突然であるが、現代日本において最も手軽に自己肯定感を高める手法をご存知だろうか。私見ではあるが、「本当にやりたいこと」とやらを見つけ、それを実現することだと思う。

子供の頃から「個性が大事」という理念の下、地方の駅弁大教育部卒の学校教師からは「自分らしく生きよう」、国民的アイドルグループからは「ナンバーワンよりオンリーワン」というメッセージを聴かされ、ハウス栽培されるあまおうのようにすくすくと甘やかされて糖度を育んできた私たち。

しかし、全てが幻想だったと知るまでに時間はかからない。社会に出た瞬間に突如鳴り響く、試合開始を告げる東京砂漠デスマッチ無差別級のゴング。「早慶は低学歴!」「年収1000万円は低所得!」「本物の富裕層はタワマンには住まない!」とノーモーションで殴りかかってくる、コンクリートジャングルから現れる屈強なマウンティングゴリラ達。抗うすべもなく損耗し、「わァ……ァ……」以外の言葉を失う我々ちいかわ。

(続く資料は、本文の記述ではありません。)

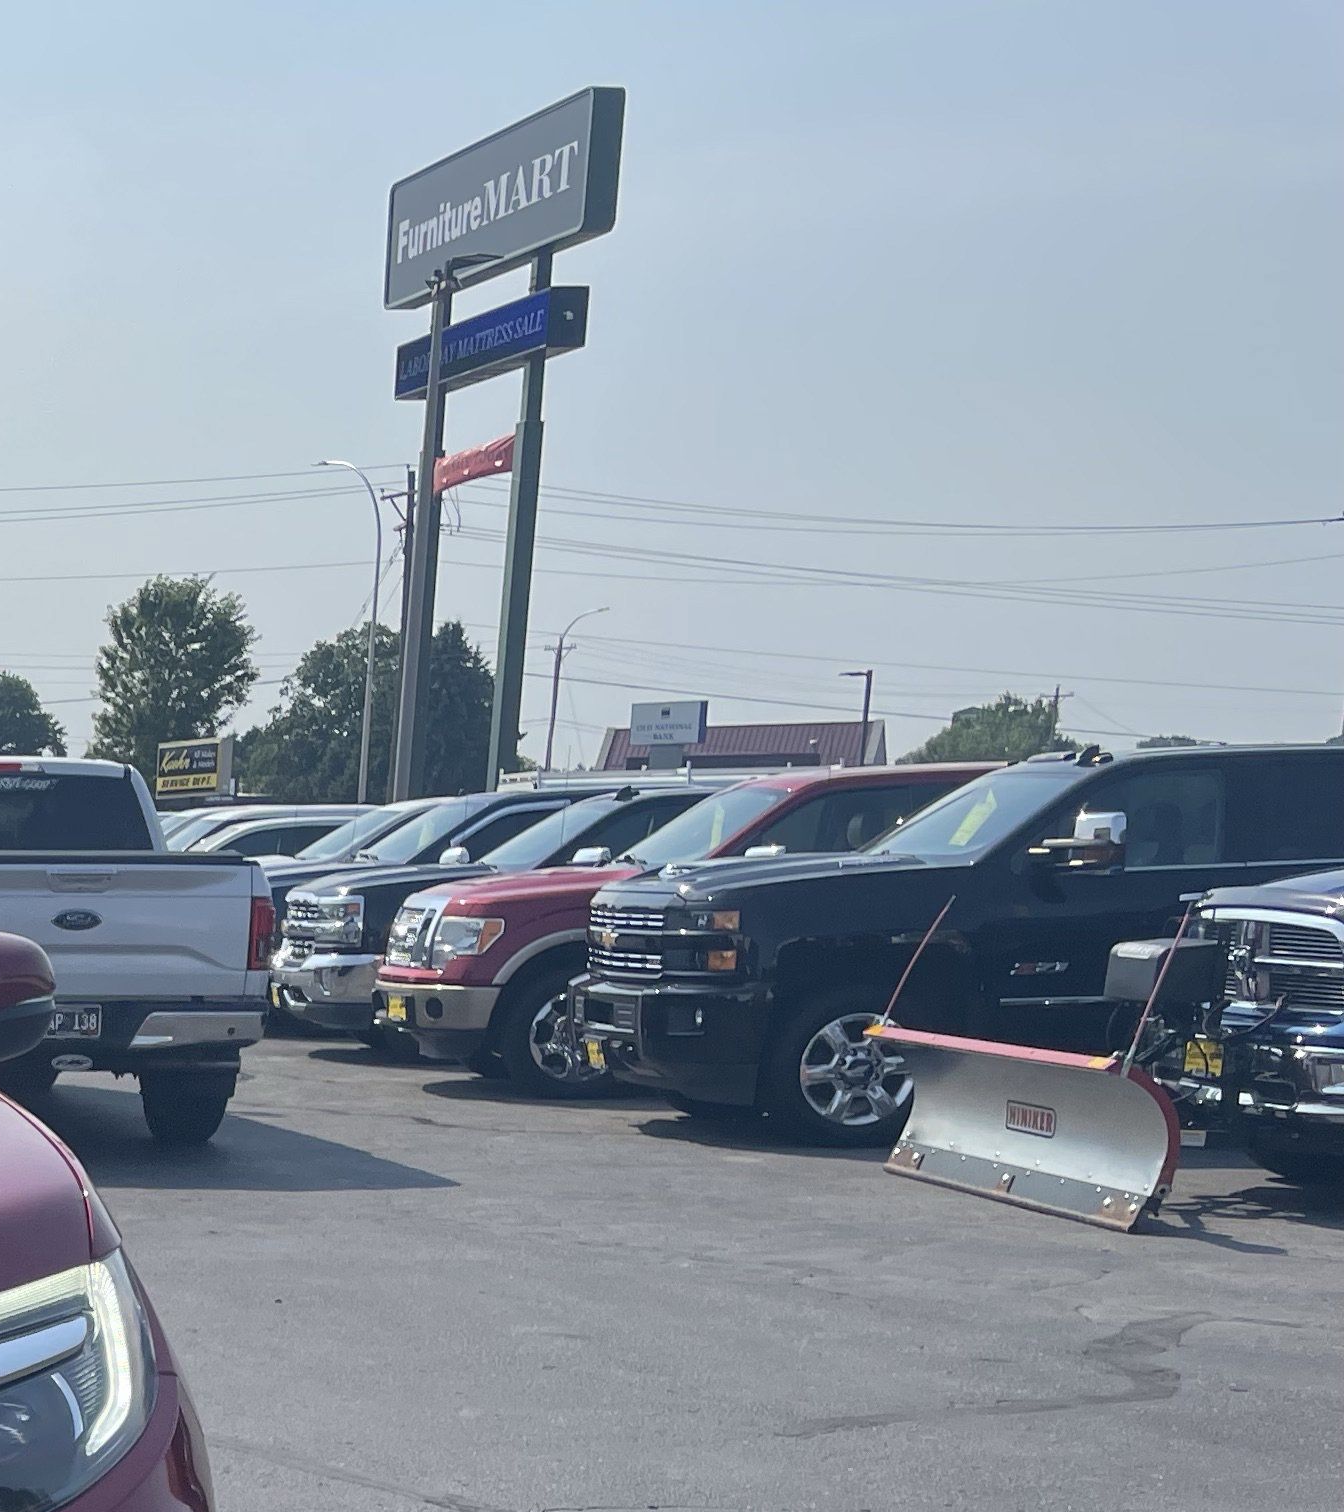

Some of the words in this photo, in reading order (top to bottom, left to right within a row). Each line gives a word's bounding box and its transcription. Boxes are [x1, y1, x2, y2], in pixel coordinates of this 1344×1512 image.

[397, 141, 578, 264] FurnitureMART
[400, 350, 430, 380] LABO
[440, 341, 457, 365] AY
[457, 322, 512, 360] MATTRESS
[514, 309, 545, 339] SALE
[162, 776, 190, 788] SERVICE
[49, 1013, 64, 1030] AP
[73, 1013, 97, 1031] 138
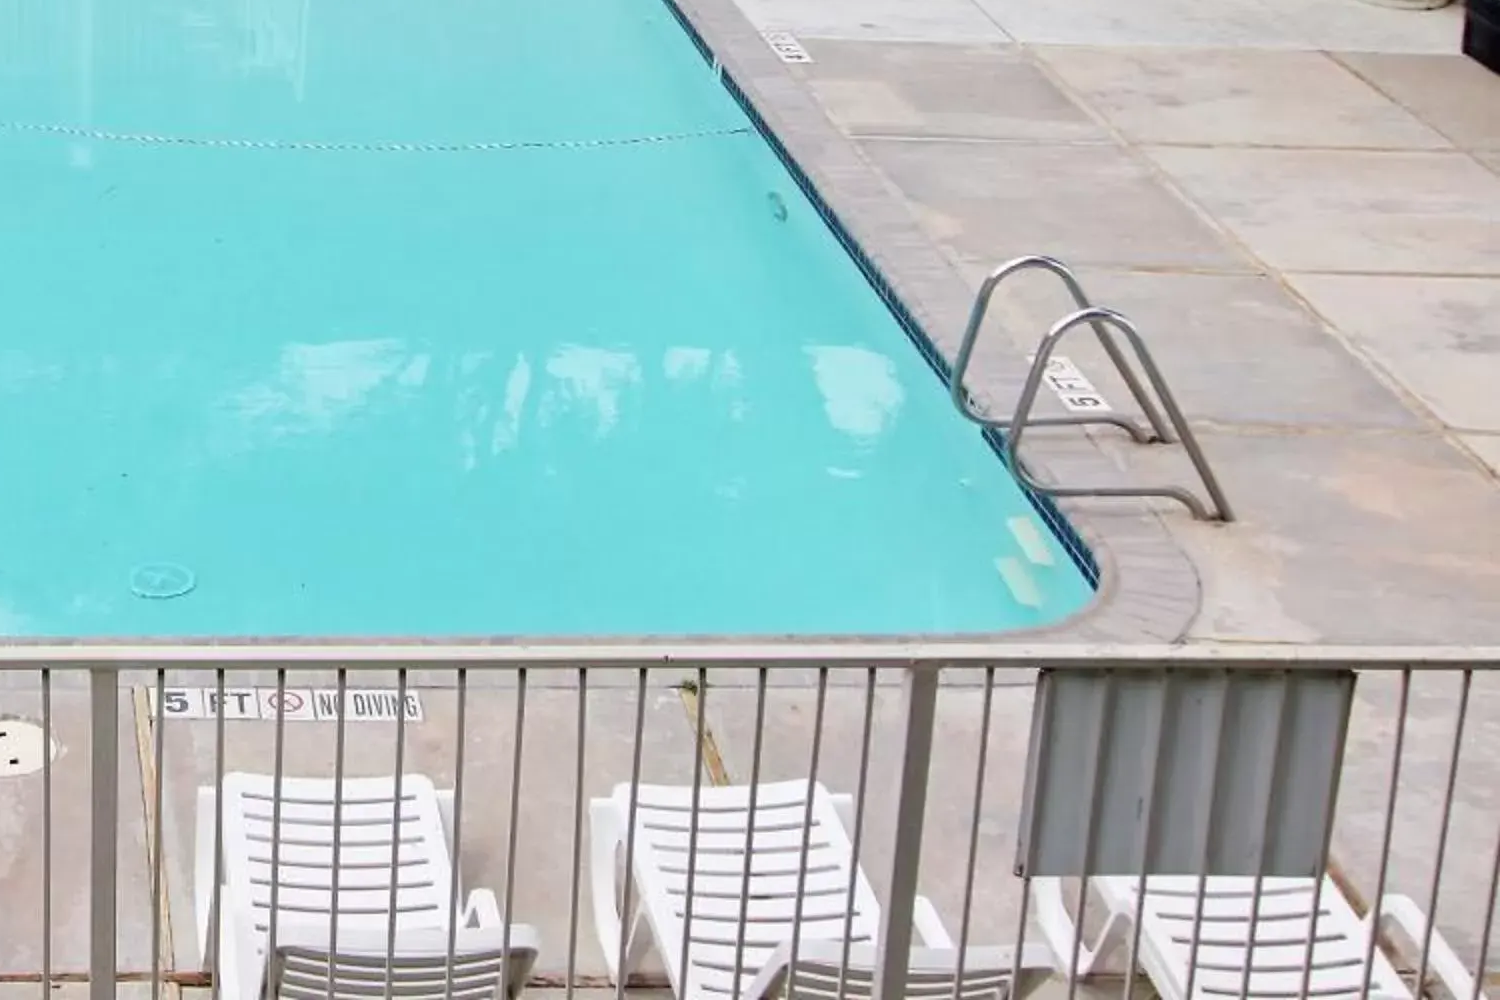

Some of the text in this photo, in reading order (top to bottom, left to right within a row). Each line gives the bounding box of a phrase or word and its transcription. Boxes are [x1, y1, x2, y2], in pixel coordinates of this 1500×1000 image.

[1068, 396, 1101, 407] 5
[165, 691, 189, 713] 5
[209, 692, 252, 714] FT
[353, 693, 418, 717] DIVING

現実世界から逃げ出そうとスマホを開けば、SNSを埋め尽くすのはかつての友人たちの華麗な現状。三菱商事のボーナス、NYへの駐在、マッキンゼーへの転職、創業した会社の上場――。もしかしたら自分にもあり得たかもしれない、でも今となっては絶対手に届かない輝かしい称号。容赦なく襲ってくる文字列から自尊心を優しく守ってくれる唯一無二の鎧、それが「本当にやりたいこと」だ。

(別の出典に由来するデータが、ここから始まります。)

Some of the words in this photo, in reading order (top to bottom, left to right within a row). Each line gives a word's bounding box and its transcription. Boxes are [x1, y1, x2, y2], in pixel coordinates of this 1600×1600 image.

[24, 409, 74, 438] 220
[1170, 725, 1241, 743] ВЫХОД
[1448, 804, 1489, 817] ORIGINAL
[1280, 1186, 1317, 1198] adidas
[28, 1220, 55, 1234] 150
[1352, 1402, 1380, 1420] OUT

資本主義ピラミッドとは全く違う価値観をもたらす、圧倒的ゲームチェンジャー。ダーウィンが来た!に出演する、マイナーな動物の生態の解明に一生を捧げた学者に対し、「うちの旦那はGSで〜」と年収でマウントを取る奴はいないだろう。それほどまでに、「本当にやりたいこと」というのは現代日本において神聖にして不可侵なものなのだ。

私の場合、それが執筆活動だった。より正確にいえば、KADOKAWAという絶対的権威という後ろ盾があった上での出版だった。

「そっか、みんなまだ『そっち』で頑張ってるんだな。俺はもうそのレースから降りたからさ。俺は俺で『やりたいこと』をやるから、お互い頑張ろうな」

一歩引いたことで、自然と相手を称えることができる余裕。そう、資本主義社会の優劣とは別次元に身を投じることで、私の卑しい心は負けを回避したのだ。ありがとう、KADOKAWA。

…さて、前置きが長くなったが、「渋谷スクランブル交差点のビジョンで自著の広告が流れ、渋谷大盛堂書店にサイン本が陳列されているのを自分の目で確認する」という、メンタルペニスがブランズタワー豊洲ばりにチョモランマしている時に手にとった本がこれだ。